La expansión desordenada de la educación superior contribuyó a la aparición de circuitos diferenciados de calidad entre las instituciones de educación superior y, en este sentido, no es difícil constatar que nuestro sistema de educación superior no solamente es diverso sino también desigual (infraestructura, financiamiento, personal, estudiantes, etc.), reflejando  mucho  de lo que sucede en el país en general. Tenemos espacios académicos dignos del mundo desarrollado y, al mismo tiempo, un gran número de instituciones en condiciones más que deplorables.
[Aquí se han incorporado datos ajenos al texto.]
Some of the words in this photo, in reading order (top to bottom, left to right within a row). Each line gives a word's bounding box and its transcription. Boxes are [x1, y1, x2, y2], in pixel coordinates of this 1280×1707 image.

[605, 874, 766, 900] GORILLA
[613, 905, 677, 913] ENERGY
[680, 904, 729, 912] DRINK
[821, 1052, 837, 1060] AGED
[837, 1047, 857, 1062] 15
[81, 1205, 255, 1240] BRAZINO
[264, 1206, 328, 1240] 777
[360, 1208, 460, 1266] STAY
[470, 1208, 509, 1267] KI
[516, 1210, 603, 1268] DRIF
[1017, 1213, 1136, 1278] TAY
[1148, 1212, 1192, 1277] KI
Análogamente, el pacto formalizado en el SNI también ha generado una estratificación del cuerpo académico. Mientras que una mayoría de académicos  en el país no tiene estabilidad en el empleo ni condiciones apropiadas para desarrollar su trabajo y son objeto de una incesante cascada de políticas públicas cuyo objetivo pareciera ser mejorar nuestra “universidad de papel,” como expresara agudamente Luis Porter hace ya 17 años, un pequeño porcentaje de ellos forma parte de la comunidad académica global gracias a sus publicaciones en revistas y editoriales de calidad internacional bajo el patrón hegemónico de las universidades de investigación estadounidense, esquema que regularmente suele divorciarse de las necesidades de los países que siguen este modelo.
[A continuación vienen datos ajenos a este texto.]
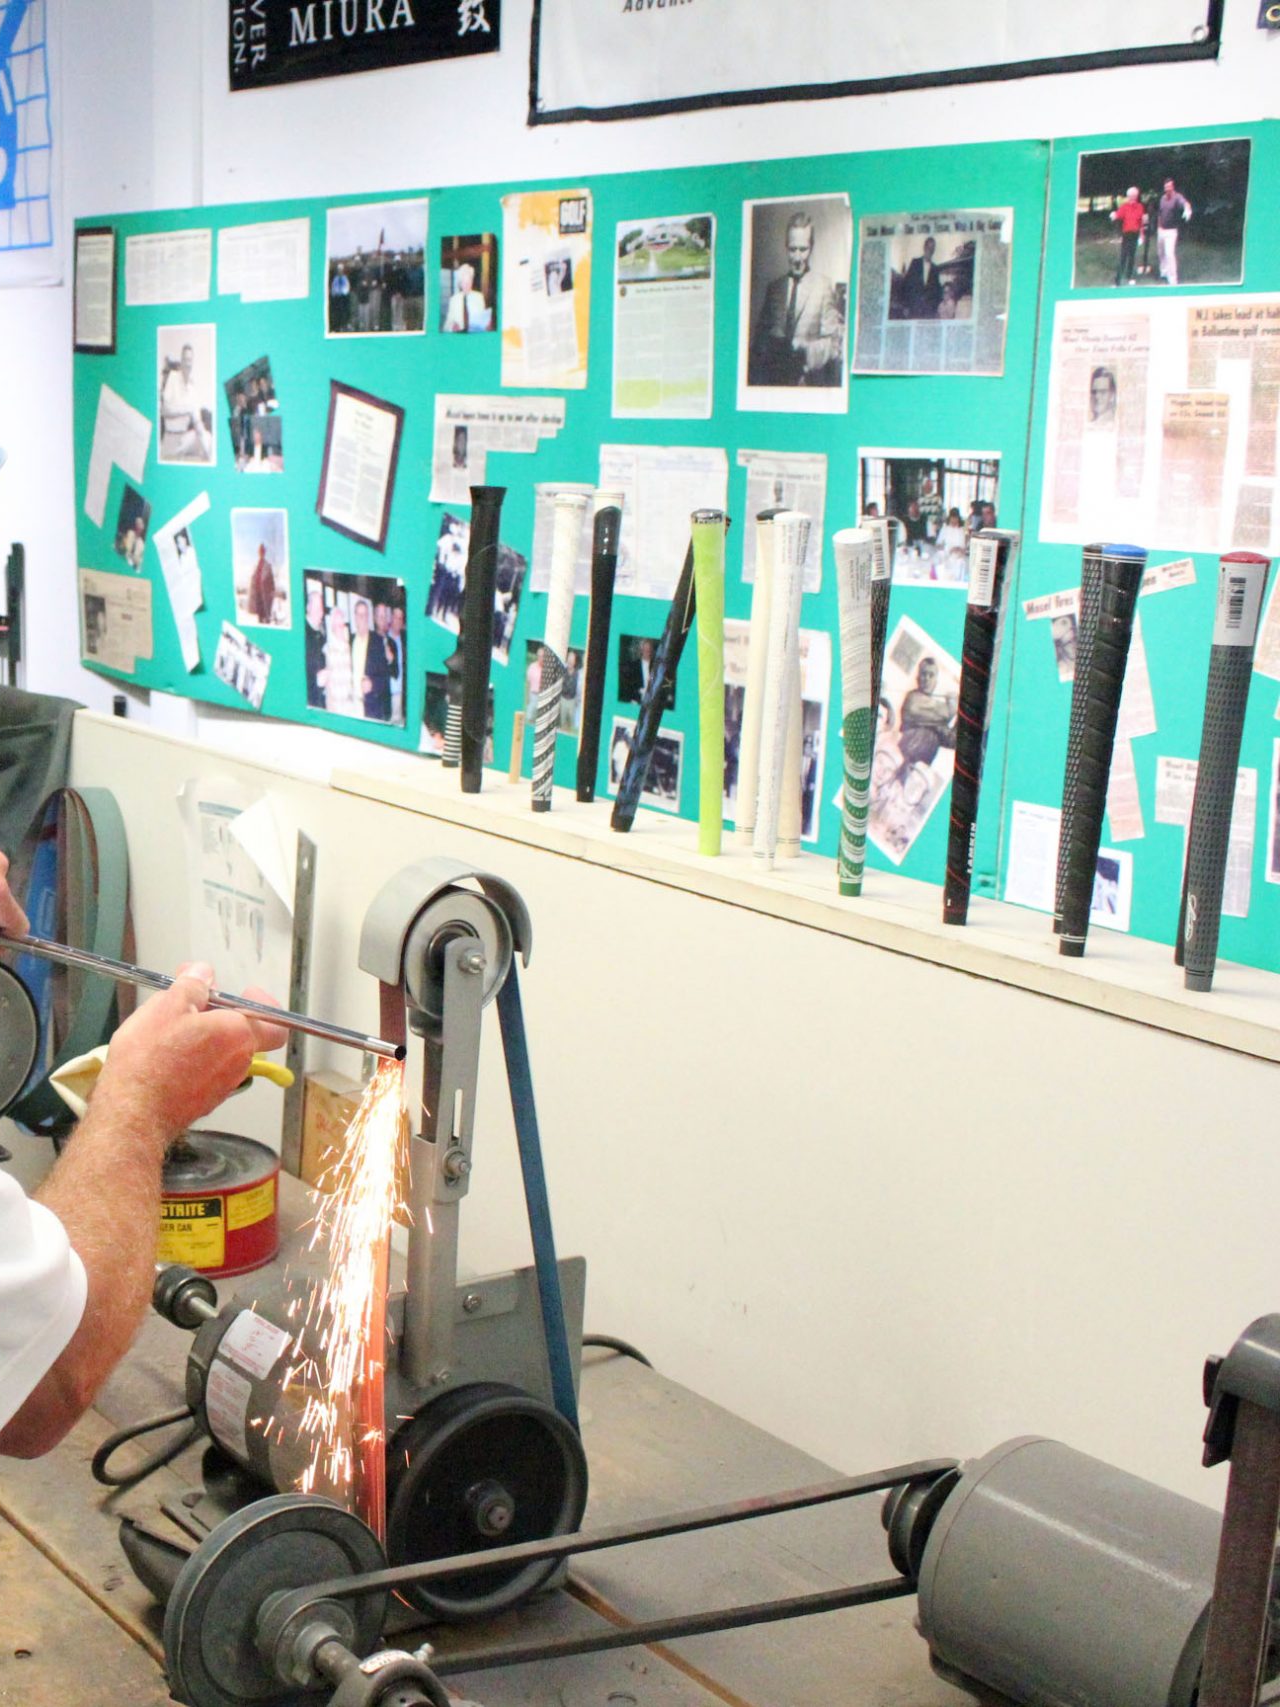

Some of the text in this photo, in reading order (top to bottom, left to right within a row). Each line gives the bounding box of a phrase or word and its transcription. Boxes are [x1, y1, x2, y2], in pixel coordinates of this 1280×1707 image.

[289, 0, 416, 47] MIURA
[1235, 308, 1252, 319] lead
[1243, 324, 1258, 338] golf
[160, 1204, 205, 1216] STRITE
Así las cosas, considero que una parte de la discusión que atestiguamos hoy en día entre el Gobierno Federal y un sector de académicos cuyo tamaño no es posible dimensionar con certeza, pero que es pequeño comparado con quienes mantienen en gran medida el día a día del sistema de educación superior, no solamente versa sobre asuntos relativos a la ciencia, la educación superior y conceptos como calidad y pertinencia. Más allá de diferencias relativas a tales asuntos, existen elementos relacionados con el poder o, dicho de otra manera, la potestad de tomar decisiones y, de una manera muy importante, la capacidad de orientar el uso de los recursos financieros públicos en una u otra dirección, con lo cual necesariamente se afecta a éstos o aquéllos actores.

El pacto Gobierno Federal-Académicos Investigadores establecido en 1984 parece haberse roto. A diferencia de aquellos años, el grupo más influyente de los académicos-investigadores no parece tener ya un acceso directo e inmediato a las autoridades públicas correspondientes. Ante esta situación es necesario que tanto el Gobierno Federal y los académicos-investigadores reconozcan que no son los únicos actores que están involucrados en la educación superior y que es indispensable, aunque no sea sencillo, trabajar de manera colaborativa con todos ellos (académicos no-SNI, profesores de tiempo parcial, estudiantes, personal administrativo y de apoyo, funcionarios institucionales). Es necesario construir una nueva relación Estado-Educación 

Superior y, en ese contexto, derivar una nueva relación Estado-Académicos Investigadores que, a su vez, reconsidere críticamente las estructuras, mecanismos y prácticas asociadas con la investigación científica y su rol dentro de la educación superior.

Tienen razón las voces que afirman que sin una educación superior y una ciencia de calidad y pertinente el desarrollo del país no es viable. No obstante, de la aceptación de esta premisa no se sigue que la educación superior y la ciencia que el país necesita sea la que hoy en día tenemos.